What is being asked:
Please return the records below exactly as they stand, with the pictures removed.

Data records:
= = = = = = =
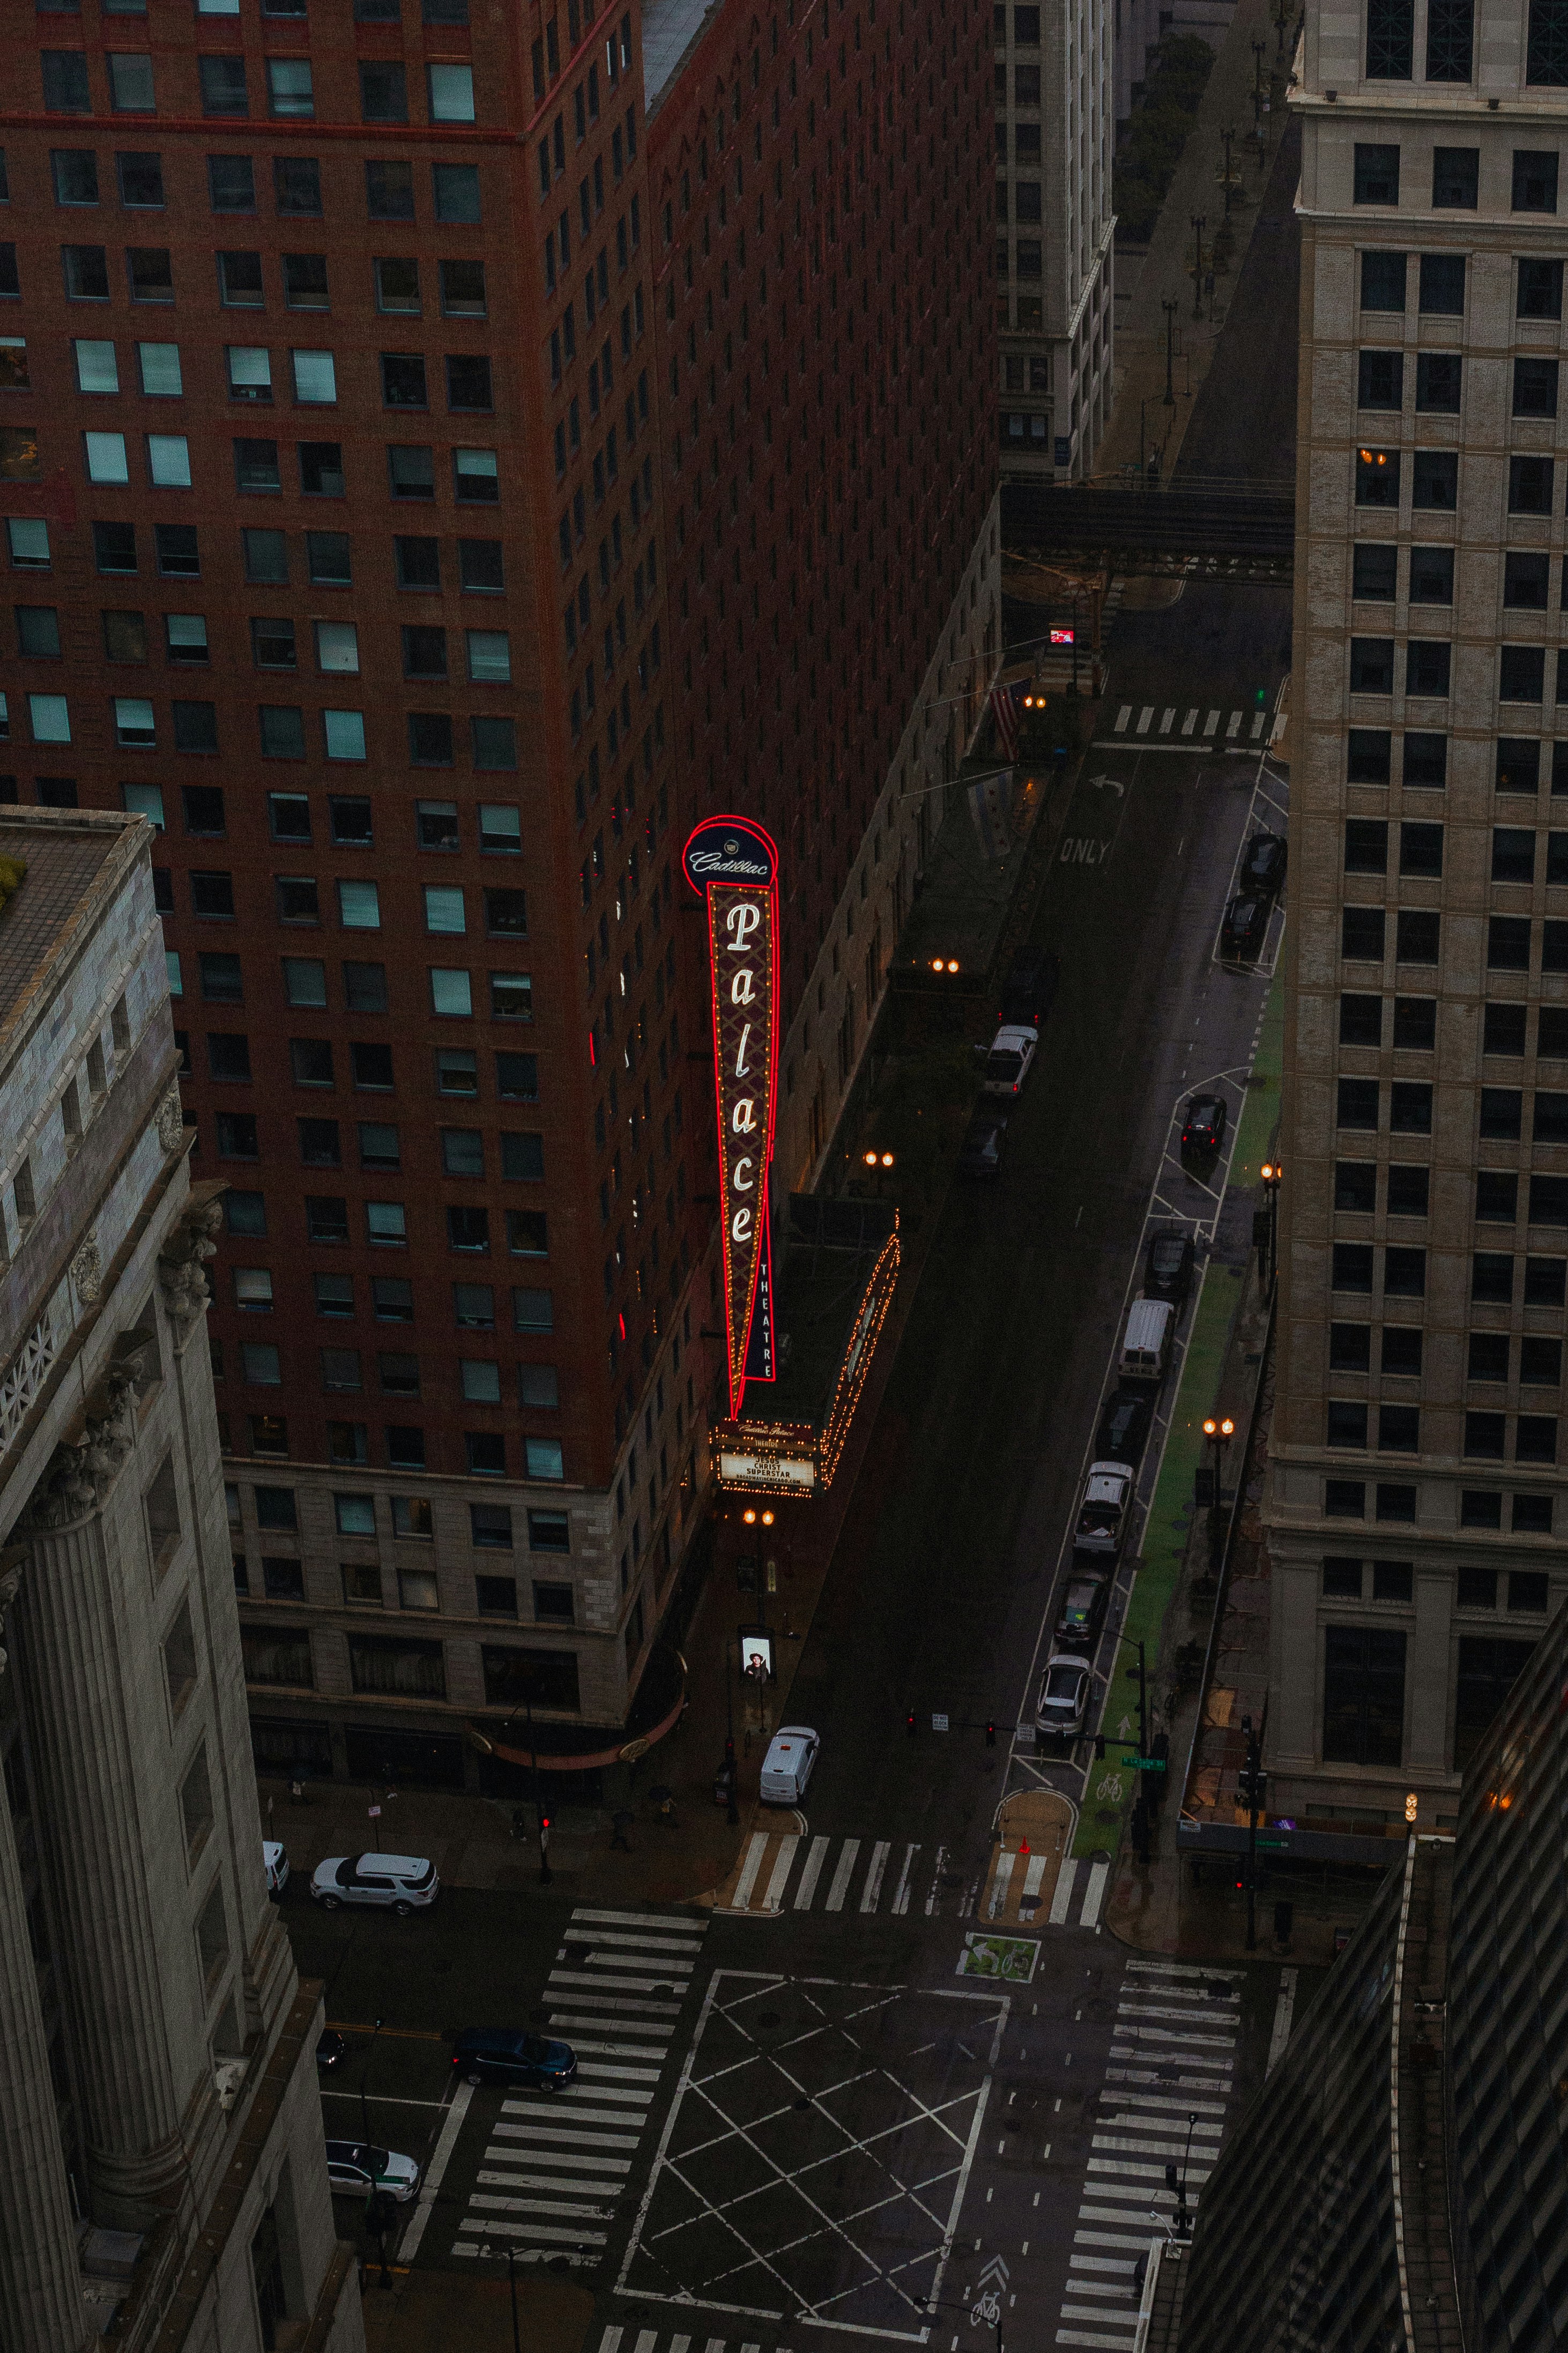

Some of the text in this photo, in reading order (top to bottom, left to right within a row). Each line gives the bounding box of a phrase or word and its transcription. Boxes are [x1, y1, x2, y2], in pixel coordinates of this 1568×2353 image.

[1060, 838, 1112, 864] ONLY
[689, 852, 768, 875] Cadillac
[726, 904, 760, 1241] Palace
[760, 1263, 771, 1377] THEATRE
[738, 1424, 794, 1436] Cadillac Palace
[755, 1439, 778, 1447] THEATRE
[746, 1468, 790, 1478] SUPERSTAR
[754, 1463, 781, 1471] CHRIST
[736, 1474, 801, 1484] BROADWAYINCHICAGO.COM
= = = = = = =
Answer to this problem:
Some of the text in this photo, in reading order (top to bottom, left to right within a row). Each line gives the bounding box of a phrase or word and its transcription. Boxes are [x1, y1, x2, y2], in pixel coordinates of this 1568×2353 image.

[1060, 838, 1112, 864] ONLY
[689, 852, 768, 875] Cadillac
[726, 904, 760, 1241] Palace
[760, 1263, 771, 1377] THEATRE
[738, 1424, 794, 1436] Cadillac Palace
[755, 1439, 778, 1447] THEATRE
[746, 1468, 790, 1478] SUPERSTAR
[754, 1463, 781, 1471] CHRIST
[736, 1474, 801, 1484] BROADWAYINCHICAGO.COM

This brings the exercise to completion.